▸ **Source material**

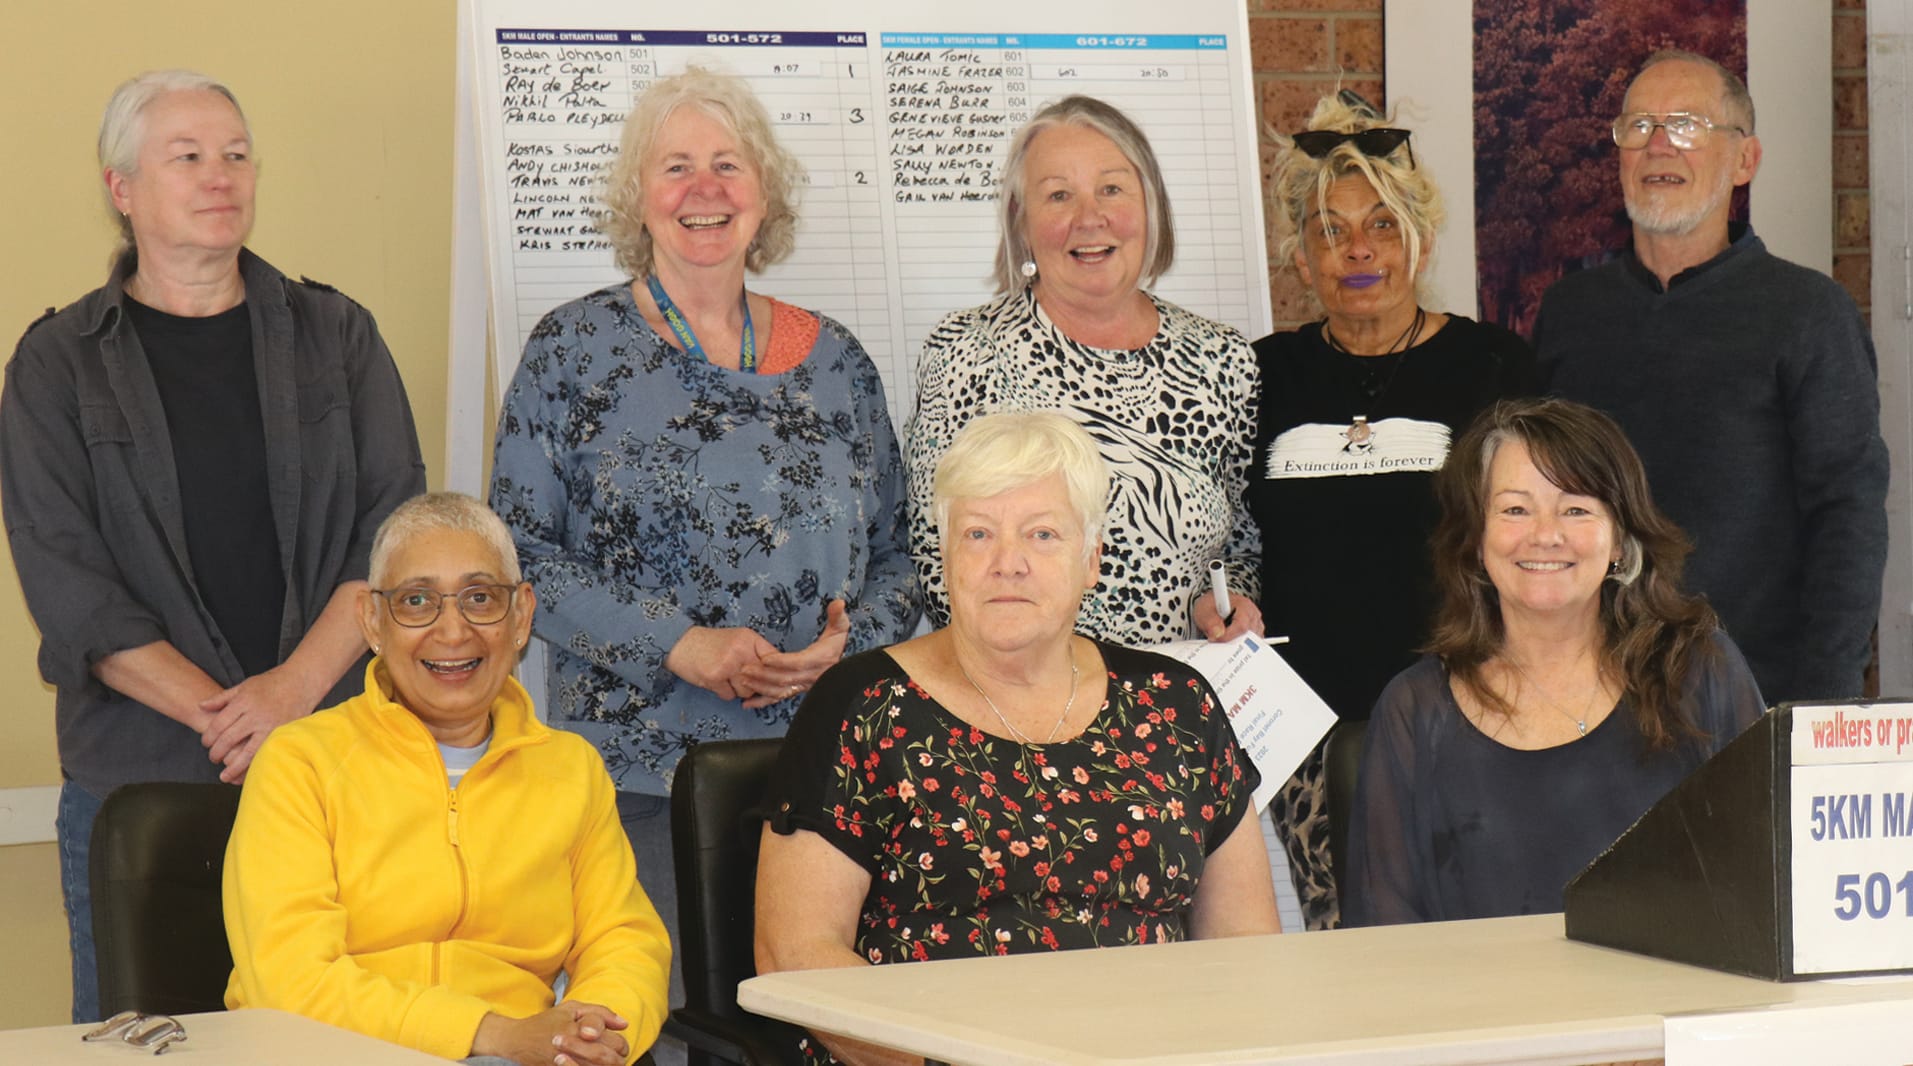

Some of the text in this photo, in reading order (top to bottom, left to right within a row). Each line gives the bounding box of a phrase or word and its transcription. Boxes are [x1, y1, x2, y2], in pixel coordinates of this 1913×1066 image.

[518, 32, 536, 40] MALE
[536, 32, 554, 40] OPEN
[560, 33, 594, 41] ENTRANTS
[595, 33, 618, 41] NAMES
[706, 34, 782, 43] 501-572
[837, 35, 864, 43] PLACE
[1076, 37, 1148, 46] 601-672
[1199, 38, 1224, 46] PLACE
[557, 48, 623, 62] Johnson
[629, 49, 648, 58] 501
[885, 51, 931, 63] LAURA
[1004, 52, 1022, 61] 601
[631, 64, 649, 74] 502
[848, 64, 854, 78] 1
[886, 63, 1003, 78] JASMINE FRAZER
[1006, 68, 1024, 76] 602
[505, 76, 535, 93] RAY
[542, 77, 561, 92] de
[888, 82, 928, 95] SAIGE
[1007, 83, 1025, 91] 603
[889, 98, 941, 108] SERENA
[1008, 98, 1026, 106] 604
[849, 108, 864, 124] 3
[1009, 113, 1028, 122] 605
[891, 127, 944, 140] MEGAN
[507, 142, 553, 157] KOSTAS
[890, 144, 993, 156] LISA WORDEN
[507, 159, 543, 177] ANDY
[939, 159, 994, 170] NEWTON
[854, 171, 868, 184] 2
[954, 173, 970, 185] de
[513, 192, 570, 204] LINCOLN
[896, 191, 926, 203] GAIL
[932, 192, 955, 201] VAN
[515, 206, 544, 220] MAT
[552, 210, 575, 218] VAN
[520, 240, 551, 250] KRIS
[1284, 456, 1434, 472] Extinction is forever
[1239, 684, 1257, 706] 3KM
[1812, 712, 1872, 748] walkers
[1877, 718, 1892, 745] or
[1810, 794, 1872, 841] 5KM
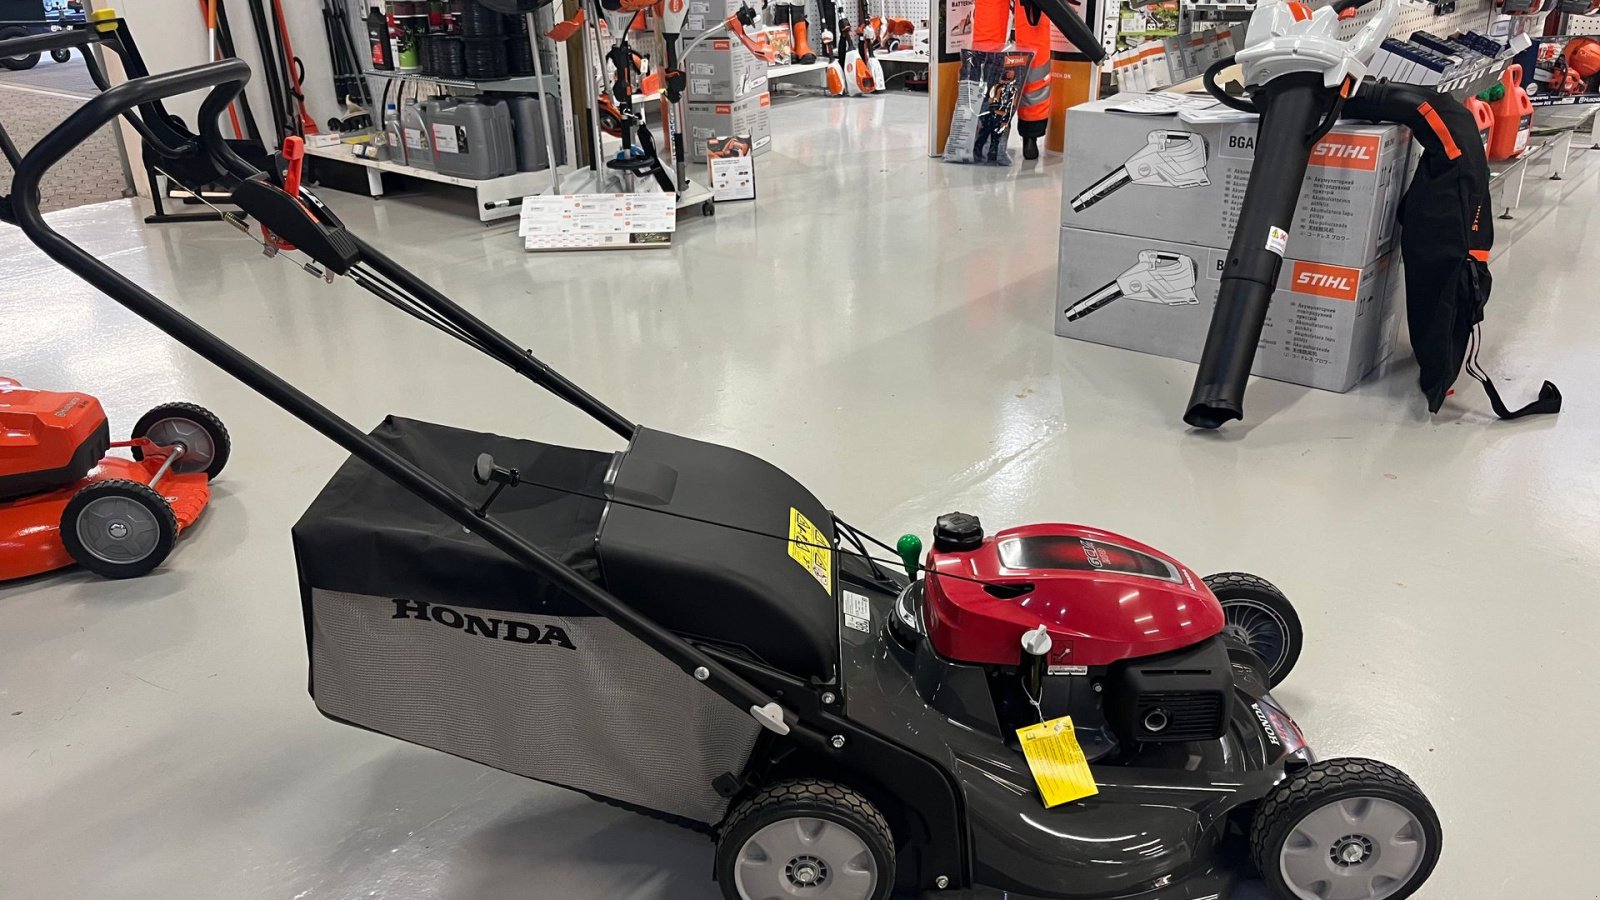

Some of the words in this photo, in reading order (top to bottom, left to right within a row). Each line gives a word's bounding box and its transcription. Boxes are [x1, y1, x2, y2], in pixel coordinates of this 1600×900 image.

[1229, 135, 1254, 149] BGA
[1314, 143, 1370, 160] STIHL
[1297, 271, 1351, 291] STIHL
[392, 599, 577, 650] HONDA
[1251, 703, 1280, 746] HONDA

▸ **Instructions to follow**
An exact transcription of the data above is needed, without the pictures.

▸ **Response box**
Some of the text in this photo, in reading order (top to bottom, left to right within a row). Each line gives the bounding box of a phrase or word and its transcription. Boxes are [x1, y1, x2, y2], in pixel coordinates of this 1913×1066 image.

[518, 32, 536, 40] MALE
[536, 32, 554, 40] OPEN
[560, 33, 594, 41] ENTRANTS
[595, 33, 618, 41] NAMES
[706, 34, 782, 43] 501-572
[837, 35, 864, 43] PLACE
[1076, 37, 1148, 46] 601-672
[1199, 38, 1224, 46] PLACE
[557, 48, 623, 62] Johnson
[629, 49, 648, 58] 501
[885, 51, 931, 63] LAURA
[1004, 52, 1022, 61] 601
[631, 64, 649, 74] 502
[848, 64, 854, 78] 1
[886, 63, 1003, 78] JASMINE FRAZER
[1006, 68, 1024, 76] 602
[505, 76, 535, 93] RAY
[542, 77, 561, 92] de
[888, 82, 928, 95] SAIGE
[1007, 83, 1025, 91] 603
[889, 98, 941, 108] SERENA
[1008, 98, 1026, 106] 604
[849, 108, 864, 124] 3
[1009, 113, 1028, 122] 605
[891, 127, 944, 140] MEGAN
[507, 142, 553, 157] KOSTAS
[890, 144, 993, 156] LISA WORDEN
[507, 159, 543, 177] ANDY
[939, 159, 994, 170] NEWTON
[854, 171, 868, 184] 2
[954, 173, 970, 185] de
[513, 192, 570, 204] LINCOLN
[896, 191, 926, 203] GAIL
[932, 192, 955, 201] VAN
[515, 206, 544, 220] MAT
[552, 210, 575, 218] VAN
[520, 240, 551, 250] KRIS
[1284, 456, 1434, 472] Extinction is forever
[1239, 684, 1257, 706] 3KM
[1812, 712, 1872, 748] walkers
[1877, 718, 1892, 745] or
[1810, 794, 1872, 841] 5KM

Some of the words in this photo, in reading order (top to bottom, left to right within a row). Each line gives a word's bounding box and its transcription. Boxes are [x1, y1, x2, y2], in pixel coordinates of this 1600×900 image.

[1229, 135, 1254, 149] BGA
[1314, 143, 1370, 160] STIHL
[1297, 271, 1351, 291] STIHL
[392, 599, 577, 650] HONDA
[1251, 703, 1280, 746] HONDA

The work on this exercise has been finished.